Well, I think it’s time to shake out the rug and see what has settled underneath. Let’s not wait another year or even another season to see if the killer strikes again. Let’s raise some awareness.

I am asking the people of Mirror who have lost a pet to the poisonings to send me their story (Enable Javascript to see the email address) and a photo of their beloved dog. Let’s see if we can’t renew our search for justice and move forward to some resolution beyond what we have right now.


Mirror, AB dogs are again being poisoned

Mirror, AB dogs are again being poisoned

DOG PULLING ON STICK © Gjs | Dreamstime.com


It’s been a year since the poisoning of dogs last was news in Mirror. At that time, approximately 20 dogs were poisoned with a chemical typically used to kill gophers.

Over night last night, 14 dogs died from poisoning.

Calls starting coming in to the RCMP in Bashaw about 9:30 this morning and continued throughout the day. As of early Saturday evening, 13 deaths have been confirmed and a 14th is believed also to have been poisoned. All of the dead dogs were found in fenced-in yards or on their owner’s property.

It is thought that something the dogs ate contained an unknown substance. Toxicology reports from veterinarians to verify the substance are pending.

Please keep an eye on your dog(s) and do not leave them unattended in your yard.
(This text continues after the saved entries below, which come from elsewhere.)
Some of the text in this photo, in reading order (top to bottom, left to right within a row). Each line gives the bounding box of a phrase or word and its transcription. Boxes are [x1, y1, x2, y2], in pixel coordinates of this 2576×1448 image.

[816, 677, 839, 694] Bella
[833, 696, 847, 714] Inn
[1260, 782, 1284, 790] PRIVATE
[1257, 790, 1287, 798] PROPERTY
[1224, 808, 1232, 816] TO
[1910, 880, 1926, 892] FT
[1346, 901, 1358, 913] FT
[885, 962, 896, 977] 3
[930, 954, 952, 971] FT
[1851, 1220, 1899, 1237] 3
Anyone with information or anyone who believes their dog has been poisoned is urged to call Constable Duek with the RCMP in Bashaw at (780) 372-3793.

Mirror is about 215 kilometres northeast of Calgary and about 66 kilometres East of Red Deer.

Symptoms of dog poisoning

The following are a few of the symptoms of dog poisoning that you can look out for. A lot of these symptoms are quite similar to those in human poisoning, and some of them can be indicative of other conditions and ailments.
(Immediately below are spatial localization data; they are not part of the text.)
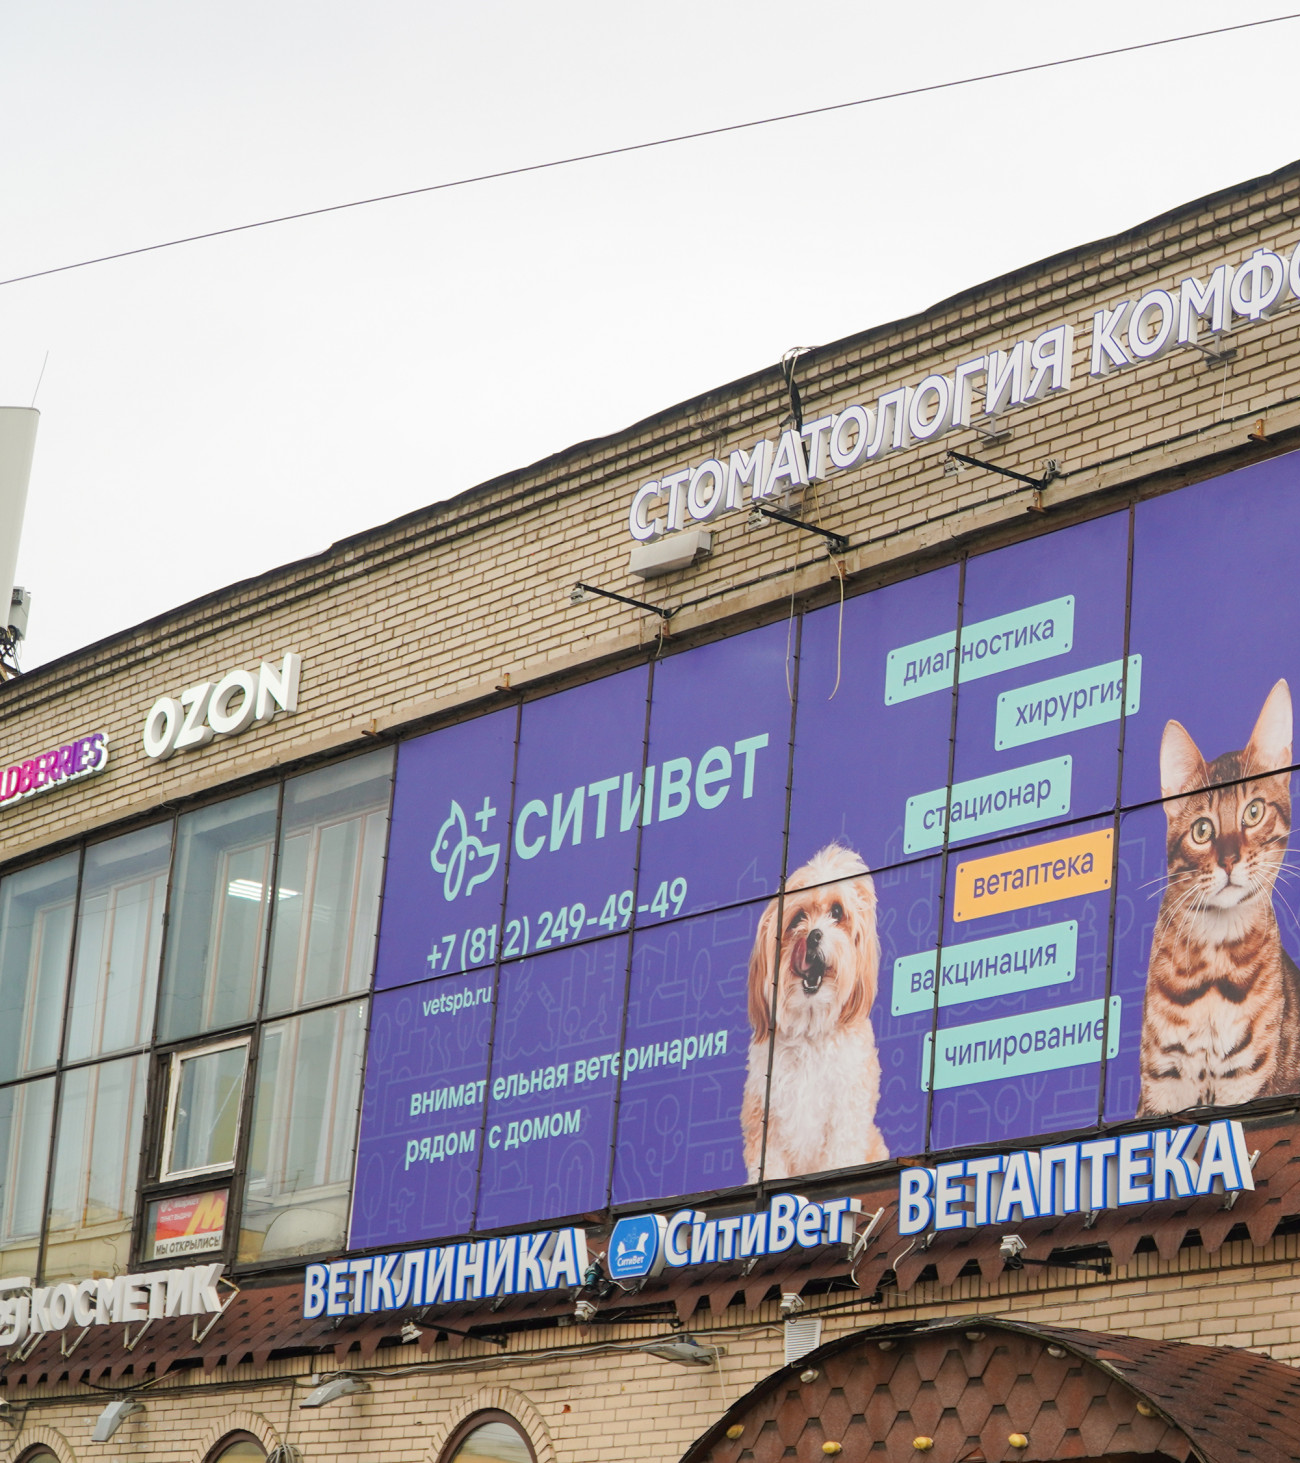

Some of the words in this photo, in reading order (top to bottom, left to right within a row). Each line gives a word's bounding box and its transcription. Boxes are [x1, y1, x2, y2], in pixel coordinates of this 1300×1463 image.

[628, 324, 1074, 543] СТОМАТОЛОГИЯ
[903, 618, 1055, 686] диагностика
[143, 652, 301, 761] OZON
[1015, 678, 1125, 727] хирургия
[922, 779, 1052, 830] стационар
[973, 852, 1094, 899] ветаптека
[427, 934, 456, 971] +7
[461, 916, 529, 975] (812)
[535, 877, 687, 949] 249-49-49
[423, 986, 492, 1016] vetspb.ru
[910, 943, 1057, 994] вакцинация
[409, 1063, 568, 1116] внимательная
[574, 1030, 728, 1084] ветеринария
[944, 1018, 1105, 1067] чипирование
[405, 1129, 475, 1170] рядом
[488, 1125, 501, 1149] с
[505, 1109, 581, 1150] домом
[898, 1119, 1255, 1236] ВЕТАПТЕКА
[664, 1193, 862, 1269] СитиВет
[31, 1263, 226, 1335] КОСМЕТИК
[303, 1227, 588, 1320] ВЕТКЛИНИКА
  • Irritation or swelling of the mouth and throat
  • Drinking excessive amounts of water
  • Drooling or discharge from the nose
  • Stomach pain or cramps
  • Loss of balance or coordination
  • Change of color in urine
  • Vomiting
  • Diarrhea
  • Tremors, Convulsions or Seizures
  • Respiratory problems
  • Paralysis
  • Erratic heart rate

Some symptoms are extremely specific. For example, rat poison can prevent blood clotting which can mean that small injuries become quite serious, and if ingested it can cause internal bleeding which if not treated quickly enough can lead to death. Sometimes internal bleeding can be diagnosed by blood in the dog’s urine.

What to do if you Suspect Poisoning

If your dog displays any of the symptoms of dog poisoning, you need to seek proper veterinarian treatment as soon as possible. The very first thing to do is call your vet and ask for advice. If your dog has been poisoned, there are things you can do to help, but it depends on exactly what he has eaten. For example, inducing vomiting can help the dog to clear out whatever is causing the problem and a mixture often used for this is made up of a teaspoon of hydrogen peroxide and a teaspoon of milk.

You should never try to induce vomiting in cases of chemical poisoning such as cleaning products or gasoline or if the dog is in a stupor. In these cases trying to make the dog throw up can actually make it worse. Always at least ask your vet before trying something like this. It will be much easier if you know the exact cause, but even if you don’t, the vet will be able to tell you what to do.